Re: A Question

Carl W. Conrad (cwconrad@artsci.wustl.edu)
Sun, 8 Sep 1996 06:31:45 -0500

At 2:42 AM -0500 9/8/96, D. Hampton wrote:
>Hello B-Greekers,
>
>First I suppose I should introduce myself. I'm a "little
>Greek" who has been learning a lot by just lurking here
>for the past few weeks. My name is Debbie Hampton. I'm
>32. I started studying Greek on my own from Werner's
>Programmed Primer about 10 years ago. I did an
>Introductory course with the Presbyterian Reformed
>Church's John Knox College, where we were encouraged to
>read the New Testament text itself. I've been continuing
>to learn on my own since then.

Welcome to you, Debbie; it's always nice to see "little Greeks" "coming out
of the closet," if I may phrase it so. When Jonathan Robie (I think it was
he?) started this self-deprecating "I'm just a little Greek" business, I
couldn't help thinking of the passage in Juvenal's satire on reasons for
leaving the city of Rome: he says that one type of person one runs into all
over town nowadays (later first c. A.D.) is the GRAECULUS ESURIENS, the
"little Greek who can't get enough to eat." GRAECULUS is a diminutive of
contempt here, of course, as used by an impoverished aristocratic Roman
whose only remaining pride is in his ethnic purity. Jonathan has started
the new fashion of using "little Greek" for the ambivalent figure somewhere
between the bare beginner who doesn't even know what questions to put to
the teacher, on the on hand, and on the other, the very clever but
unpretentious learner who is much farther along the way than he/she will
readily admit, and who delights in posing innocent questions which threaten
to stump the supposedly "older and wiser" teacher. It is a marvelous
pedgagical device that Jonathan has invented, one that works wonderfully to
level the playing field of grammatical discussion and to expose the fact
that we are in fact, all of us who concern ourselves with Greek, not
experts but learners, GRAECULI ESURIENTES, "little Greeks who can't get
enough to eat"--at least when it comes to grammatical understanding.

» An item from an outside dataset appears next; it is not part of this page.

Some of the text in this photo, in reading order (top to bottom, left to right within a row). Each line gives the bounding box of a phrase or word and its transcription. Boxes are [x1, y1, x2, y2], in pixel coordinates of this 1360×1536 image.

>I am unlurking because I have a question. I am doing an
>undergrad course in Education Studies and for an
>assignment I have to write a course outline, using
>Bloom's taxonomy. I want to outline a course in Basic
>Greek.
>
>My problem is that Bloom categorizes translation as a
>comprehension skill at a lower level than skills like
>application of knowledge, analysis of elements or
>relationships or synthesis of unique expressions. He
>seems to have categorized it with the view of words and
>expression in different languages having simple
>one-to-one equivalence of meaning.

This sounds awfully naive, if you're describing it accurately. I wouldn't
think that anyone who has worked seriously with languages very long
continues to think in terms of "one-to-one equivalence of meaning."

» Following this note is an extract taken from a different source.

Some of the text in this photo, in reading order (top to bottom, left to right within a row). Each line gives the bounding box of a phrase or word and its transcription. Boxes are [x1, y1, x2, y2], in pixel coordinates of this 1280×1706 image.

>I would like to argue in my paper that the skill of
>translation involves the elements of analysis of the
>elements of a Greek expression, applying knowledge of
>grammar, structure and usage to interpret the functions
>given to words and expression in the Greek, identifying
>these functions, generating English expressions that
>convey the same functions and synthesing a unique English
>language expression with meaning equivalence.
>
>Is this a justifiable view of translating Greek?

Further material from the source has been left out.